» Task
Copy the records below exactly as they stand. Leave out the pictures.

[Saved entries]

[Start of Attachment]

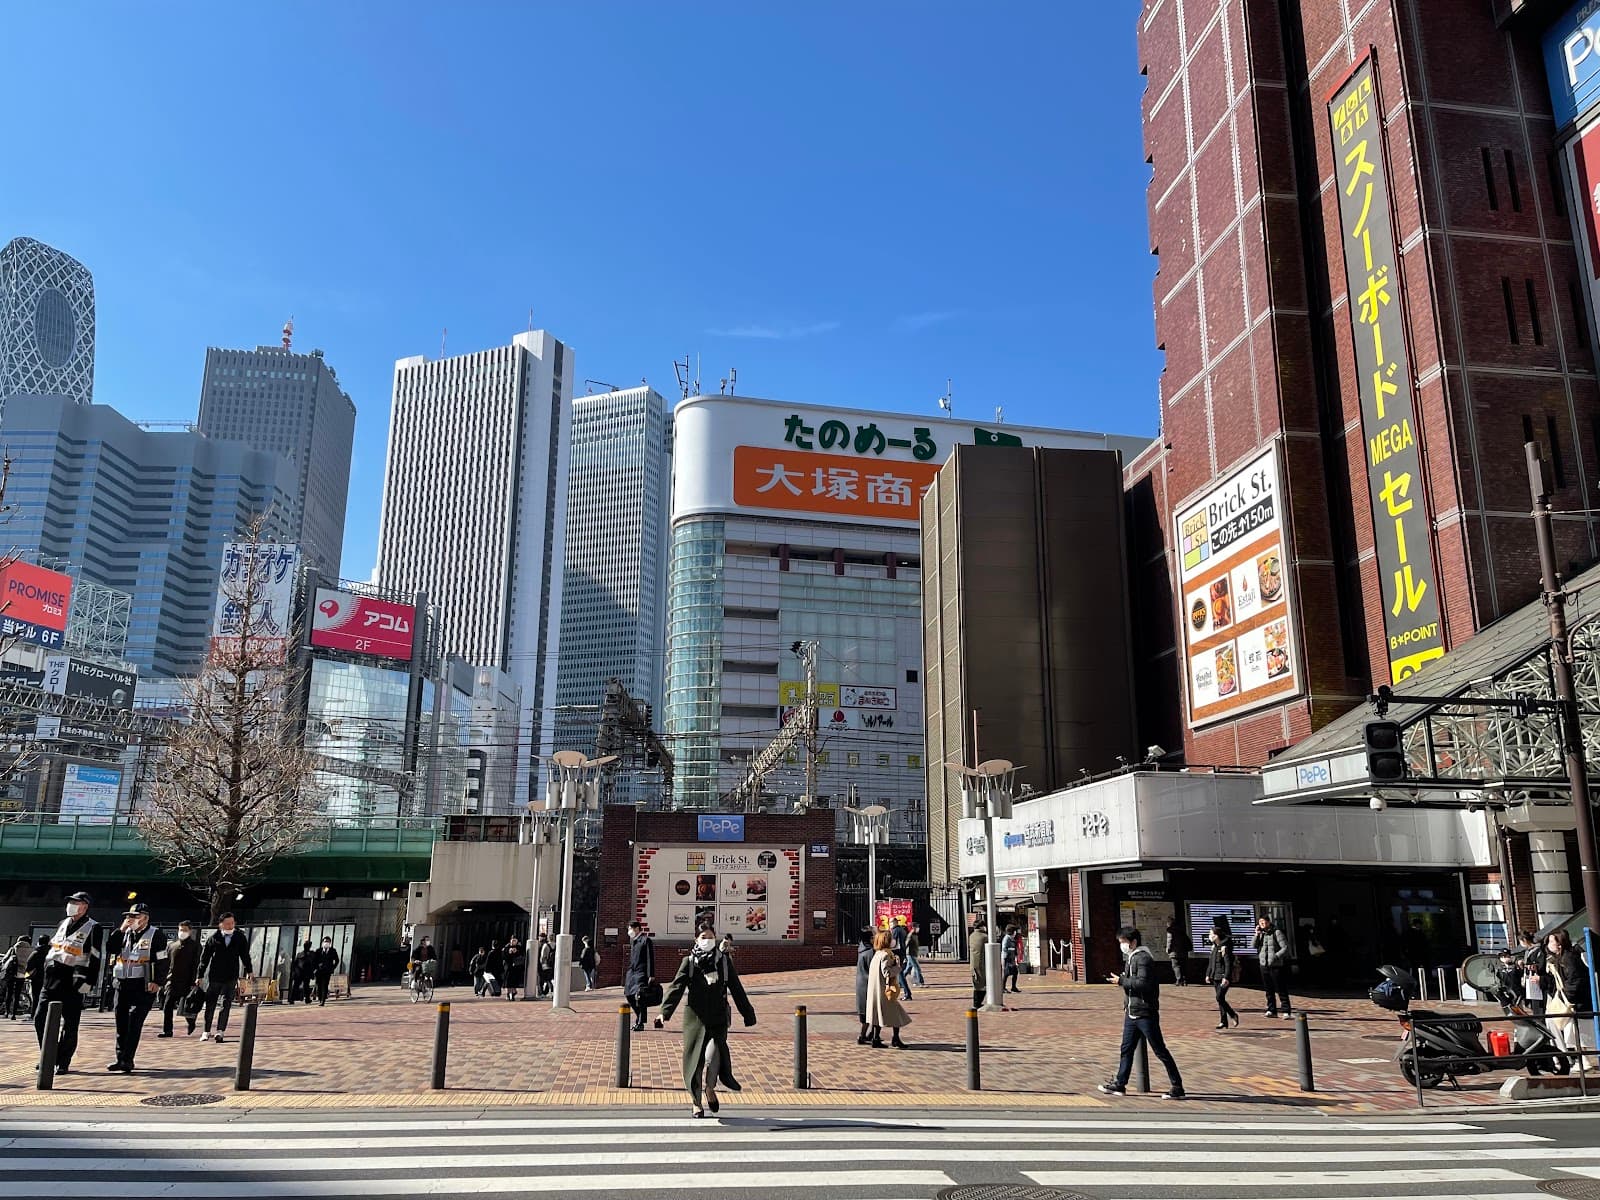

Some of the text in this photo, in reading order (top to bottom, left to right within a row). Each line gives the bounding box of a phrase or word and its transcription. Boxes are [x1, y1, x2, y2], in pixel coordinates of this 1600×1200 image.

[1344, 139, 1399, 421] スノーボード
[783, 414, 937, 461] たのめーる
[1370, 418, 1414, 467] MEGA
[755, 463, 928, 506] 大塚商
[1208, 466, 1273, 528] Brick St.
[1211, 520, 1238, 551] この先
[1379, 470, 1428, 618] セール
[8, 579, 66, 608] PROMISE
[42, 604, 63, 617] プロミス
[363, 610, 410, 633] アコム
[1, 618, 60, 645] 当ビル 6F
[355, 640, 372, 651] 2F
[48, 660, 65, 668] THE
[1300, 768, 1327, 785] PePe
[702, 820, 740, 834] PePe
[1082, 812, 1108, 838] PePe
[712, 854, 736, 864] Brick
[738, 855, 750, 864] St.

[End of Attachment]

» Result for this task
Some of the text in this photo, in reading order (top to bottom, left to right within a row). Each line gives the bounding box of a phrase or word and its transcription. Boxes are [x1, y1, x2, y2], in pixel coordinates of this 1600×1200 image.

[1344, 139, 1399, 421] スノーボード
[783, 414, 937, 461] たのめーる
[1370, 418, 1414, 467] MEGA
[755, 463, 928, 506] 大塚商
[1208, 466, 1273, 528] Brick St.
[1211, 520, 1238, 551] この先
[1379, 470, 1428, 618] セール
[8, 579, 66, 608] PROMISE
[42, 604, 63, 617] プロミス
[363, 610, 410, 633] アコム
[1, 618, 60, 645] 当ビル 6F
[355, 640, 372, 651] 2F
[48, 660, 65, 668] THE
[1300, 768, 1327, 785] PePe
[702, 820, 740, 834] PePe
[1082, 812, 1108, 838] PePe
[712, 854, 736, 864] Brick
[738, 855, 750, 864] St.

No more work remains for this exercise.